In our previous blog post, we talked about the need of reskilling to succeed in the age of AI (1). Now our focus will be on who should be re-skilled and hired if an organization wants to become an AI Pioneer? Before we go further, however, it will help readers of this blog to classify their organization into which stage of AI development they are in. For this purpose, we stick to a classification provided by MIT (2):
- AI passives – Hardly any AI adoption and little to no understanding of AI technology landscape.
- Experimenters – Organizations piloting and adopting AI without deep understanding. Basically, learning by doing.
- Investigators – Organizations with knowledge in AI technologies but stuck in pilot stage with hardly any company wide deployment.
- Pioneers – Organizations that both understand, have adopted AI and are incorporating AI in their offerings and internal processes.
Hopefully, you are now able to classify your company into one of the above groups so let’s focus on key training and hires an organization could opt for when moving through different stages of their AI journey.
The AI passives
Training: For companies in the AI passive stage, before hiring any data-related people, the C-level executives and/or management team should be trained on topics such as AI awareness, what AI can and can’t do, what it takes to become AI-driven and modus-operandi of AI in an organization (hub vs spoke model (3)) . The next level of training should involve managers and team leads in topics similar to the ones for C-level executives plus data-driven business models, how to identify AI use-cases, how to draw AI project canvas, what are the MVP requirements and how to assemble the right team (4).
Hire: Data Scientists (someone with enough experience in Statistics, Machine Learning, Deployment, and some Data Engineering) and Data Engineers (ideally 2-5 Data Engineers per Data Scientist).
Training: The first level of training for these companies should also involve C-level executives, managers and team leads in space very similar to AI passives. The next level should be for people working with data (including IT professionals) in concepts in Statistics, Machine Learning, Data Engineering and Deployment. Most such companies usually struggle having a general knowledge about what AI can (and can’t) do and waste time in trial and error. Providing key training to people working with data can help reduce time-waste going into trying things.
Hire: The first and foremost person such companies should hire is a Chief Data Officer who can help the management team define data strategy and the corresponding AI budget. The next hires depend upon the issues you are facing. If you haven’t hired Data Scientists, then these should be your first priorities (profiles similar to AI passives). If you have hired Data Scientists that are struggling to bring use-cases into the pilot stage, you might want to join them with the Business personnel via training in AI Translator profiles (5). Data Scientists in such companies should also have knowledge in the AI deployment space. Finding such profiles, however, is very challenging (1) and the right way to proceed would be to train Data Scientists and DevOps people in AI deployment. Along with Data Scientists, these companies should also hire Data Engineers (again, ideally 2-5 Data Engineers per Data Scientist). Finding Data Engineers might again be very challenging (trust me on that) and if this is the case with you, it would be better to train your IT professionals in Data Engineering, Cloud and an understanding of Machine learning.
Training: Investigators display good knowledge in AI technologies, however, they are stuck in the pilot stage. This shows that these companies have hired Data Scientists but they lack a company-wide AI vision and systemic knowledge in AI deployment. Investigators should train their management team in understanding what it takes to become AI driven and what might be the right AI strategy for them. The Data Science managers and team leads should be trained in an Analytics Translators role along with an overview of deployment strategies e.g. how to assemble a right team (4). Along with Managers, Business Analysts represent ideal candidates to be trained in Analytics Translator roles. Ideally a pre-defined deployment-related strategy and infrastructure should be available to all Data Scientists and they should be trained in AI deployment-related technologies. To increase communication between IT professionals and data people, IT professionals including DevOps should be trained in concepts in Machine Learning and Deployment.

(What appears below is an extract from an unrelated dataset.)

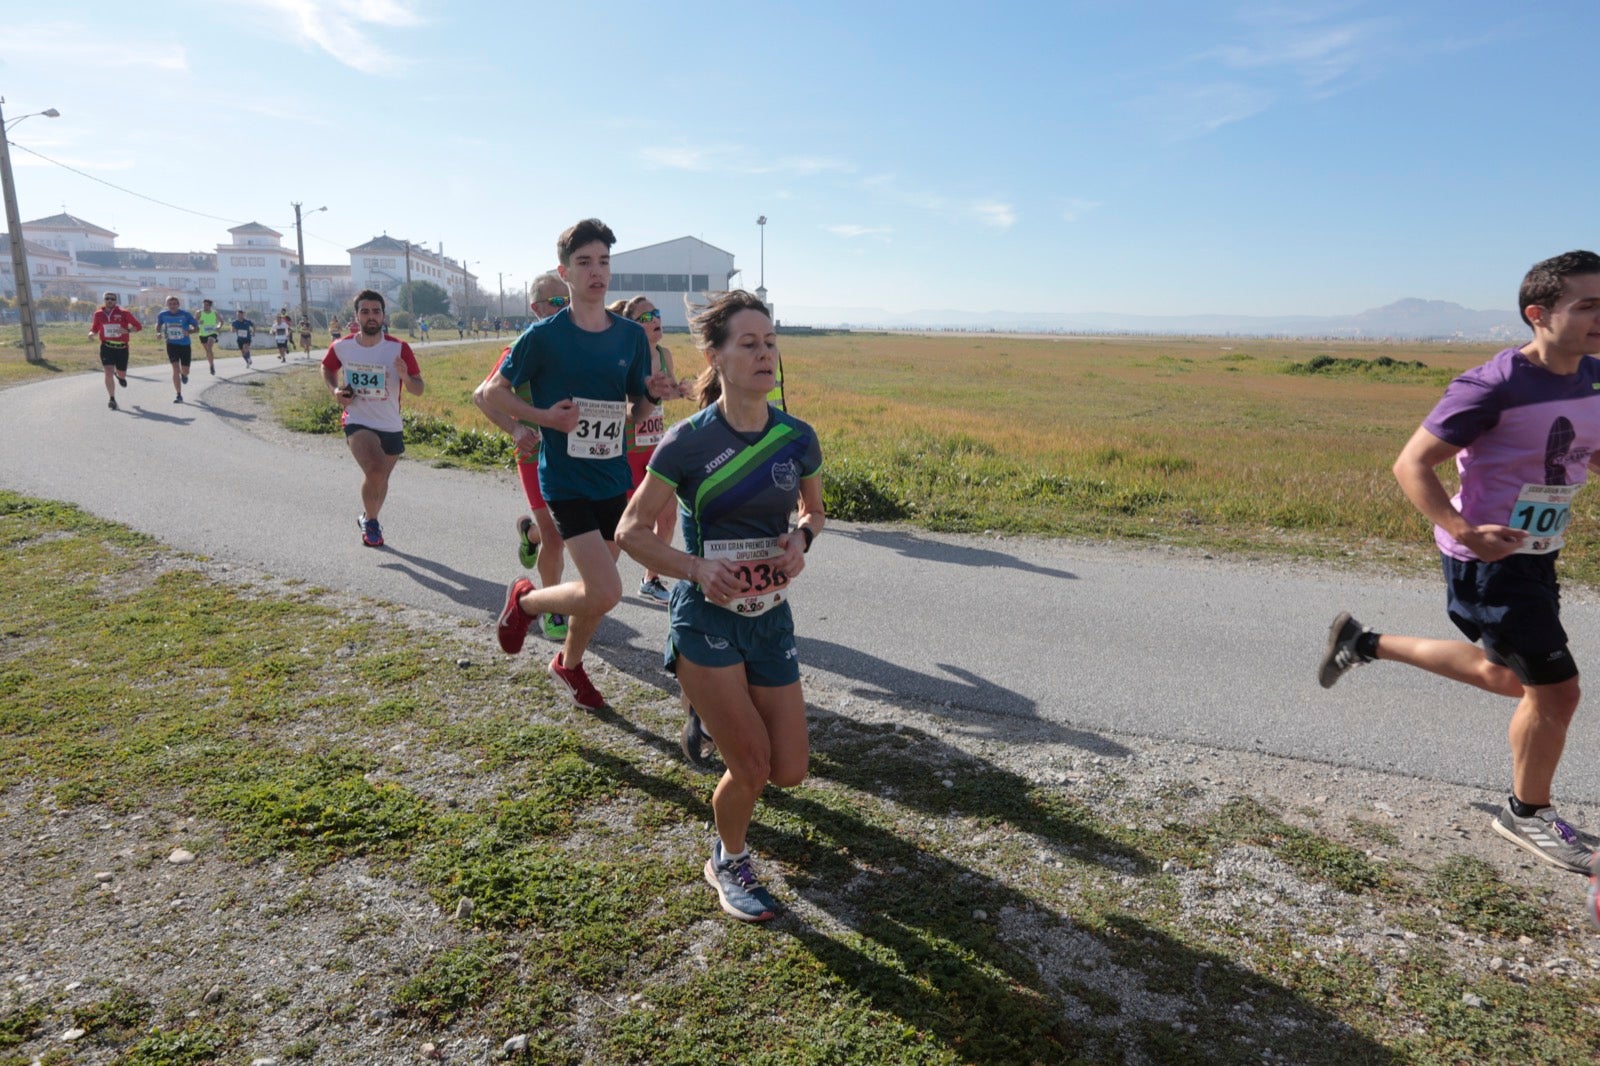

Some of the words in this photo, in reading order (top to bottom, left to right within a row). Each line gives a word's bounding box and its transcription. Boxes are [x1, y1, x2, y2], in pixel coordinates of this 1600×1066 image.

[352, 372, 378, 386] 834
[727, 541, 744, 550] GRAN
[745, 540, 764, 549] PREMIO

Hire: Similar to Experimenters, Investigators should hire a Chief Data Officer who can drive AI beyond the pilot stage and define AI strategy and key hiring space. A heavy focus should also be on hiring Machine Learning and Data Engineers (6) to move pilots into the deployment stage.
These companies are front-runners in AI and do not encounter issues similar to other three groups. They have well defined use-case prioritization and deployment strategies.
Training: Continuous training at different levels for hired Data Scientists in Deployment, IT professions in Machine Learning, Business Analysts and Managers in Analytics Translators’ role.
Hire: Product Managers and Product Owners in the AI space. If finding such people is a challenge, train Business professionals into these roles. Pioneer should also hire AI researchers for continuing their ongoing effort in AI development.
My goal from this blog is to bring an awareness around how companies can become AI driven while keeping humans in the center of their journey. There is no single recipe for AI success and relying solely on hiring new employees is certainly not a right strategy (talent supply is working against you as well). A mix of recruiting + training has led companies to move from being passive into AI pioneers and if your goal is really to become an AI Pioneer organization, then focus on right hires and right training.